Residents on a small street in Lincoln Park, Michigan, were awakened by the wail of sirens. Ambulance attendants rushed into a house and emerged with a sixty-eight-year-old man and his eighty-eight-year-old mother, both of whom were suffering from vicious nausea and diarrhea. By the time they arrived at the hospital, chest pain and labored breathing had set in. The next day the man’s son and daughter-in-law were struck the same way and also ended up in hospital. This clearly seemed to be some kind of environmental problem, so investigators were dispatched to the home. They were astounded by what they found. In the basement they discovered a crude lab with a furnace designed to melt metal.

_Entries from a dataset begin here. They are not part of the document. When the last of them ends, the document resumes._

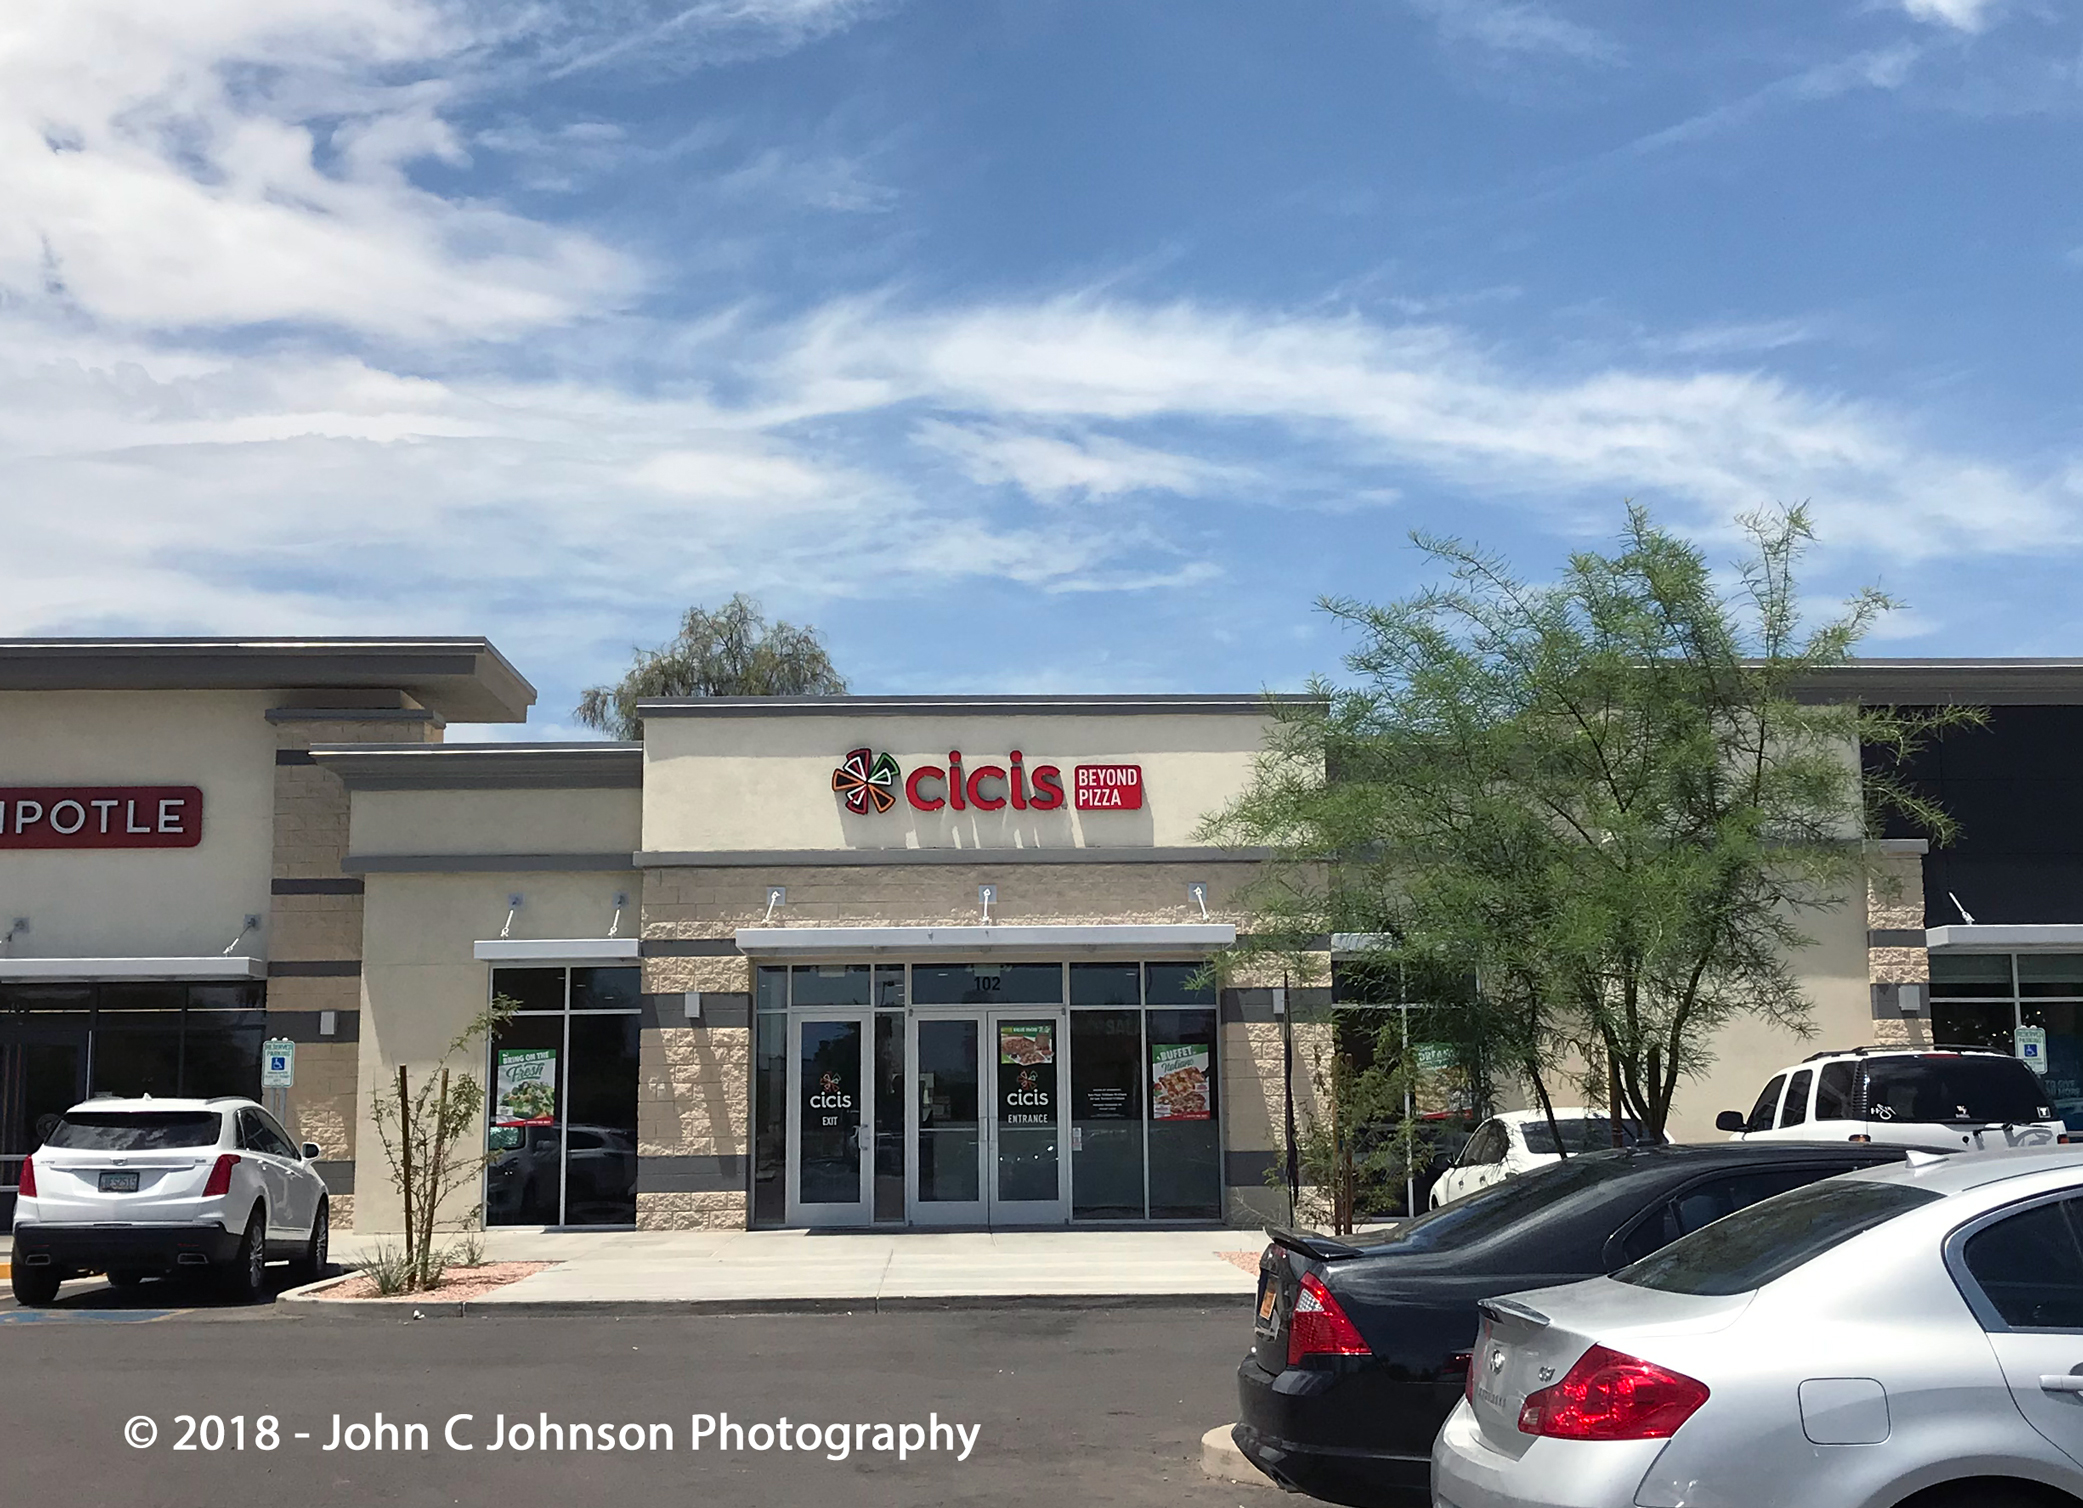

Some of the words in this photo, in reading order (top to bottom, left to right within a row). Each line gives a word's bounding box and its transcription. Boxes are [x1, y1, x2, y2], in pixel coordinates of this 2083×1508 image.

[905, 750, 1064, 811] cicis
[1078, 768, 1138, 787] BEYOND
[1079, 788, 1122, 806] PIZZA
[974, 976, 1001, 991] 102
[502, 1054, 525, 1065] BRING
[525, 1053, 536, 1061] ON
[536, 1050, 550, 1060] THE
[1160, 1046, 1193, 1061] BUFFET
[506, 1062, 545, 1082] Fresh
[810, 1091, 852, 1108] cicis
[1007, 1088, 1049, 1106] cicis
[822, 1116, 838, 1126] EXIT
[1008, 1114, 1048, 1123] ENTRANCE

It turned out that the younger man had been working for a company that manufactured dental amalgam, the mix of mercury, silver, tin, and other metals used to fill cavities. He had stolen some of the amalgam, hoping to extract and sell the silver. Mercury, he knew, was volatile, and therefore could be evaporated off by heat. Indeed it could. In doses high enough to poison everyone in the house. In spite of efforts to rid their bodies of mercury with dimercaprol, an agent that binds the metal and causes it to be excreted, all four died within three weeks. The house was demolished and the debris treated as hazardous waste.

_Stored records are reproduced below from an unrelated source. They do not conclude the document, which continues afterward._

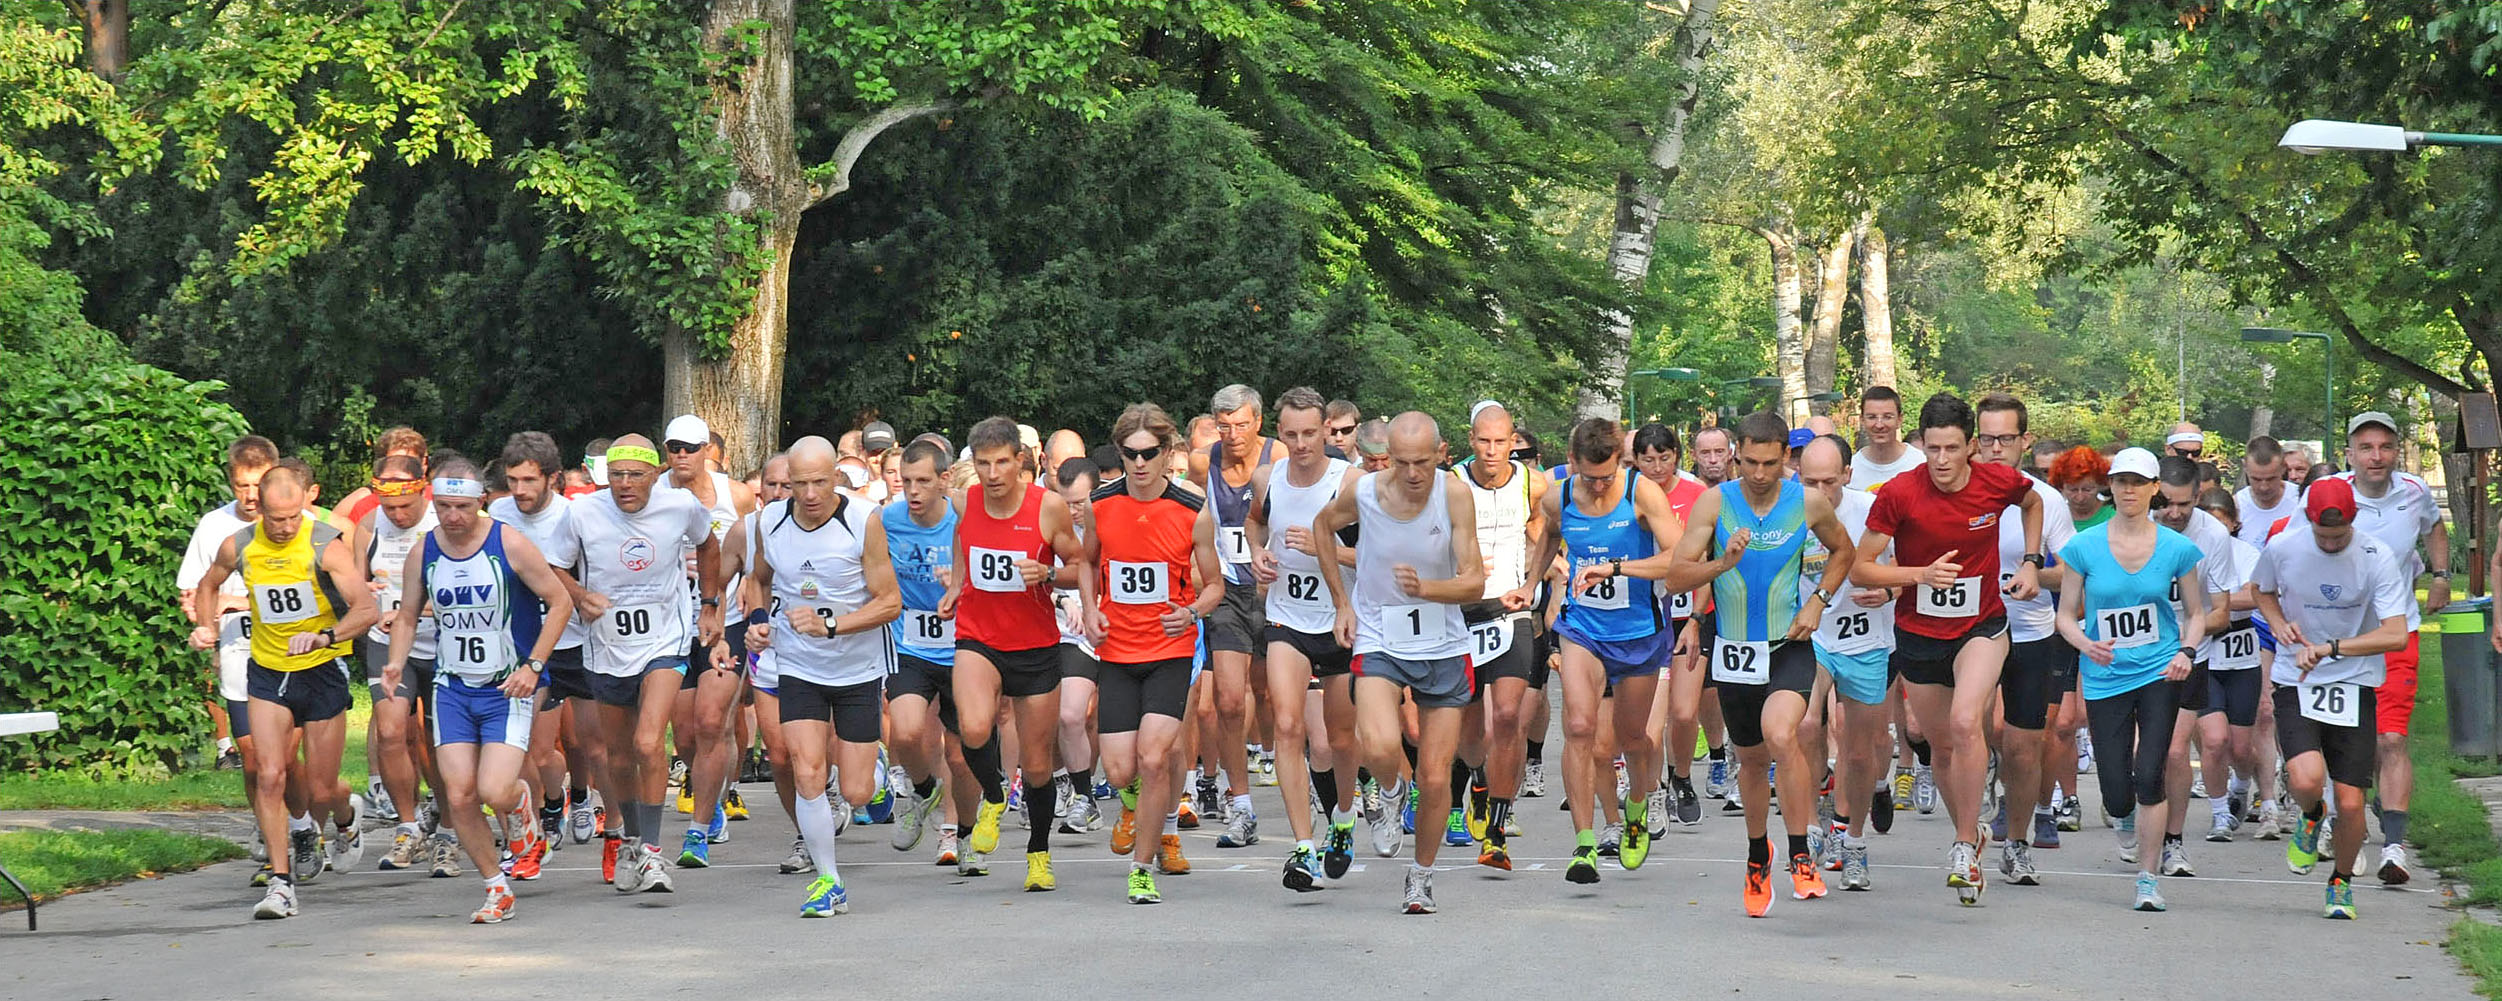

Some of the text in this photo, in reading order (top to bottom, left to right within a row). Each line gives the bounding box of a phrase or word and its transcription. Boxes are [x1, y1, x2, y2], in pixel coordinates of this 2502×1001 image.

[1588, 545, 1609, 554] Team
[981, 553, 1013, 581] 93
[1121, 567, 1155, 594] 39
[268, 588, 302, 613] 88
[1288, 573, 1319, 601] 82
[1931, 583, 1966, 607] 85
[442, 610, 495, 629] OMV
[615, 608, 650, 636] 90
[915, 614, 943, 639] 18
[1407, 608, 1421, 636] 1
[1836, 612, 1870, 641] 25
[2105, 609, 2152, 638] 104
[454, 636, 486, 663] 76
[1472, 626, 1502, 655] 73
[2221, 632, 2254, 659] 120
[1722, 644, 1756, 673] 62
[2311, 685, 2345, 715] 26

A sailor in Louisiana was luckier. He was asked to guard a boat in dry-dock that was having its bottom replaced. It seems the man liked to dabble in chemistry and had read about some scheme to transmute mercury into gold by baking it inside a potato. Whether out of boredom or greed, he decided to give it a try with an ounce of mercury and an Idaho potato. All he got was mercury poisoning. He then had the nerve to claim damages under the Jones Act, which covers hazards to which sailors are exposed aboard boats. But the judge denied him safe harbor because “the sailor was unable to support the proposition that the practice of alchemy is within the duties of a seaman who is acting as caretaker aboard a bottomless vessel.”